[INSTRUCTIONS FOR THE TASK] The records below are to be restated word for word; their pictures are not.

[DATA FOR PROCESSING]

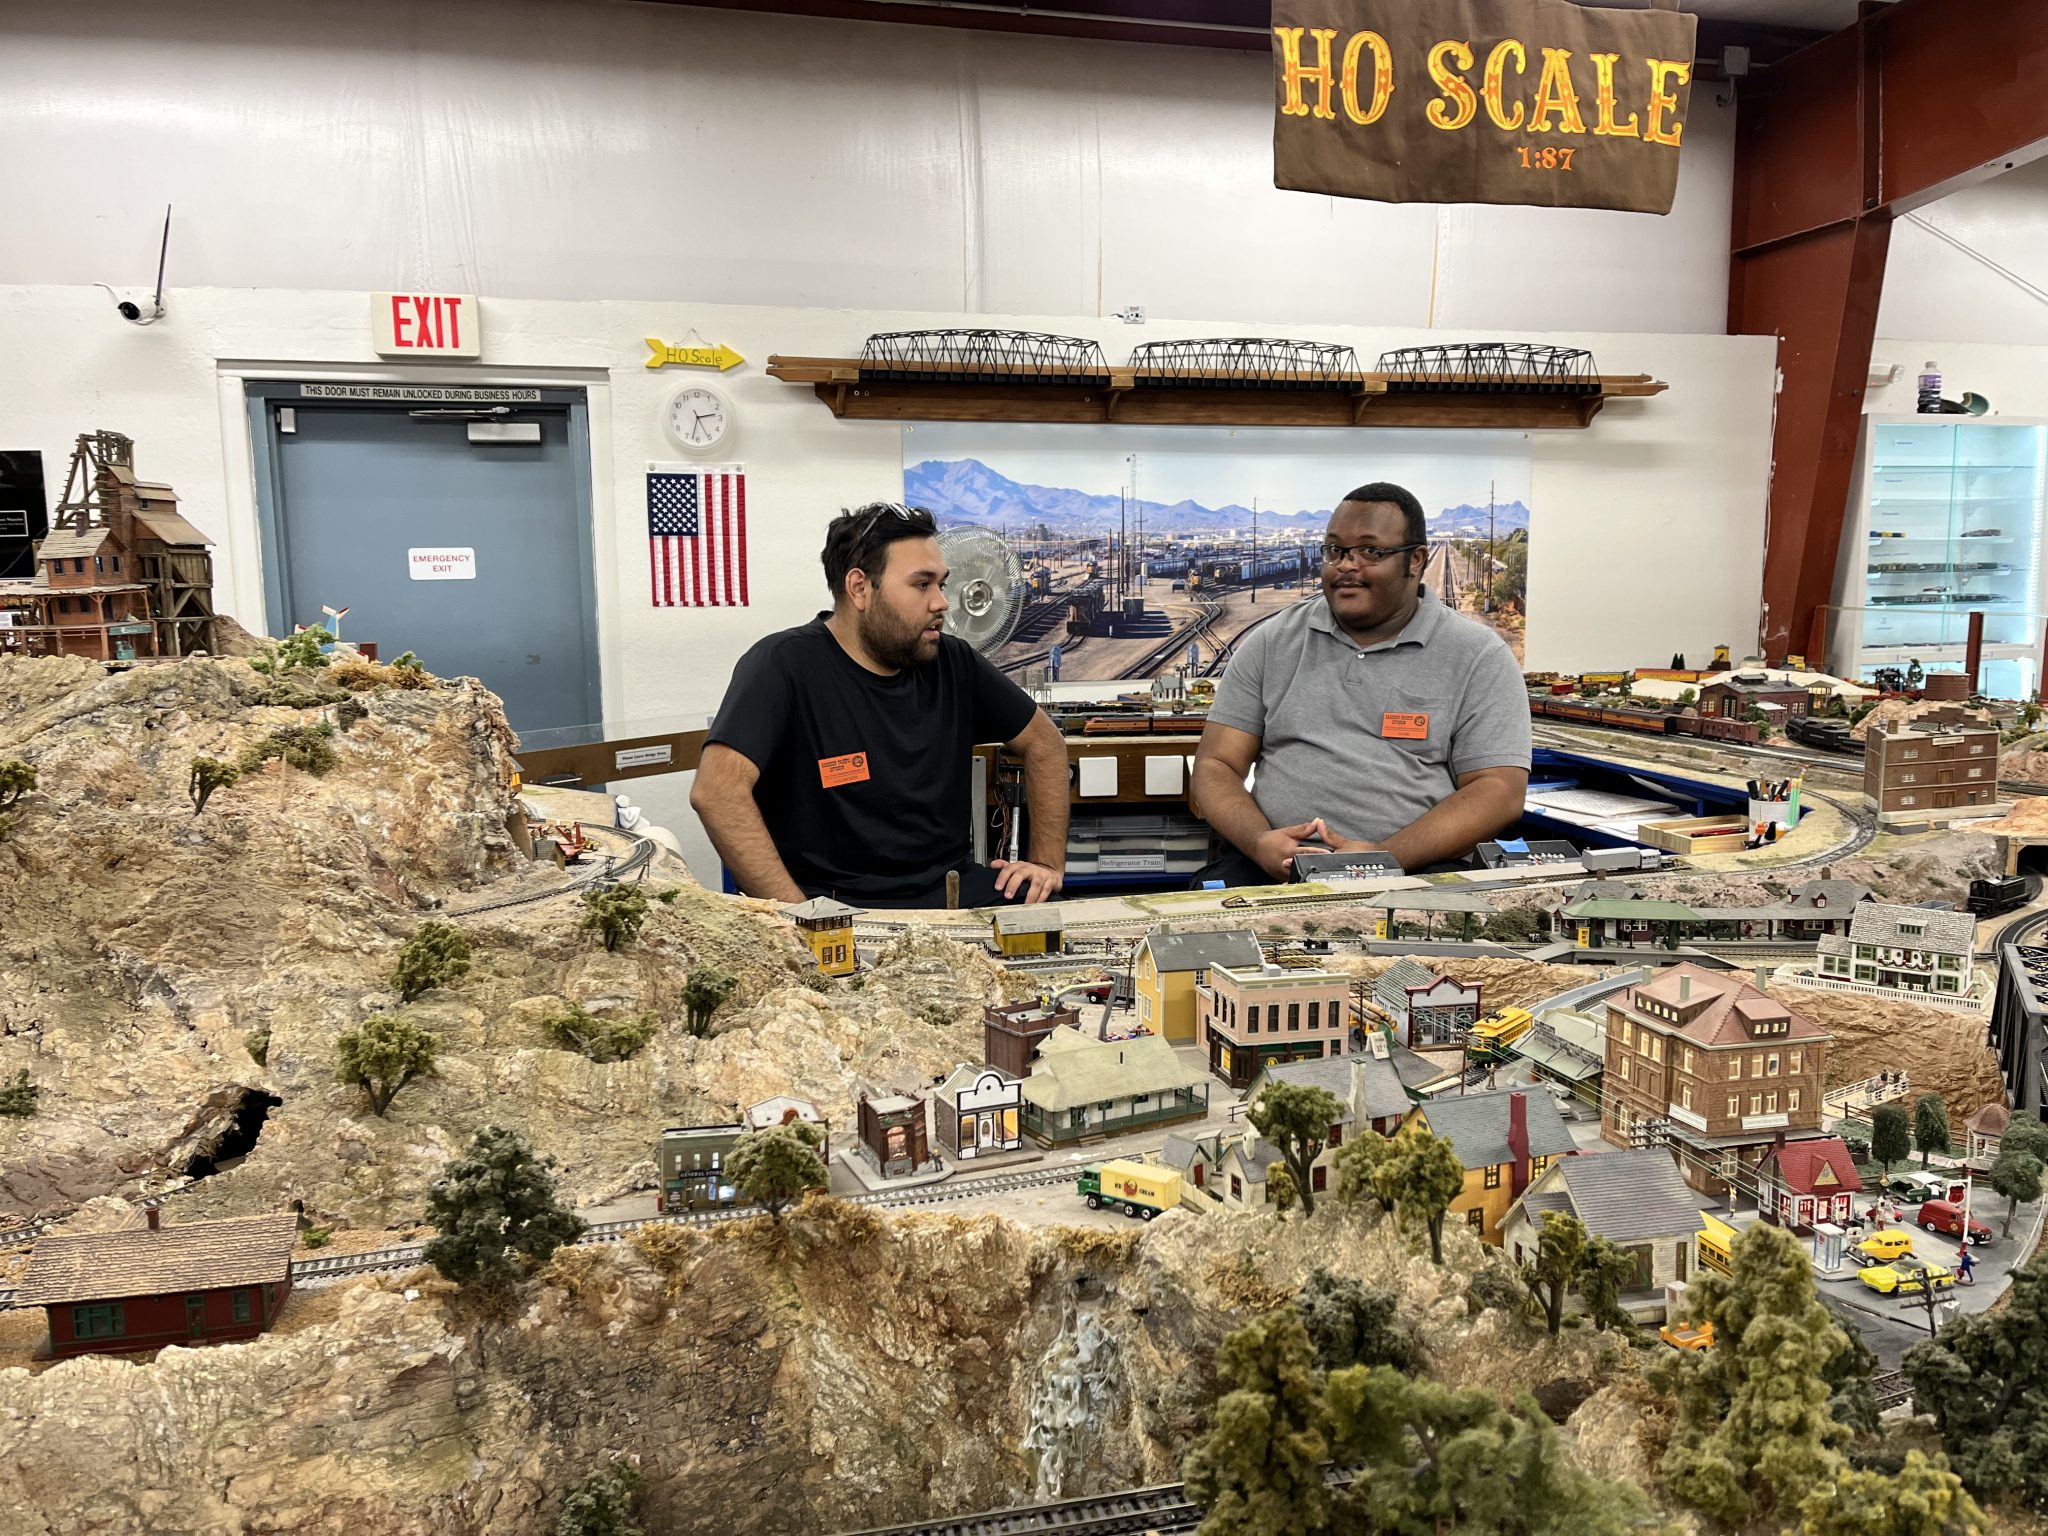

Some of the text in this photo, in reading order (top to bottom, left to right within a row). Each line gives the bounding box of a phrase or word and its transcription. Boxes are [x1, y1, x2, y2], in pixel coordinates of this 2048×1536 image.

[1274, 27, 1692, 148] HO SCALE
[1516, 146, 1576, 171] 1:87
[392, 296, 461, 348] EXIT
[666, 347, 723, 365] HO Scale
[305, 386, 537, 400] THIS DOOR MUST REMAIN UNLOCKED DURING BUSINESS HOURS
[1101, 860, 1141, 868] Refrigerator
[1139, 1189, 1155, 1197] CREAM

[RESPONSE BOX]
Some of the text in this photo, in reading order (top to bottom, left to right within a row). Each line gives the bounding box of a phrase or word and its transcription. Boxes are [x1, y1, x2, y2], in pixel coordinates of this 2048×1536 image.

[1274, 27, 1692, 148] HO SCALE
[1516, 146, 1576, 171] 1:87
[392, 296, 461, 348] EXIT
[666, 347, 723, 365] HO Scale
[305, 386, 537, 400] THIS DOOR MUST REMAIN UNLOCKED DURING BUSINESS HOURS
[1101, 860, 1141, 868] Refrigerator
[1139, 1189, 1155, 1197] CREAM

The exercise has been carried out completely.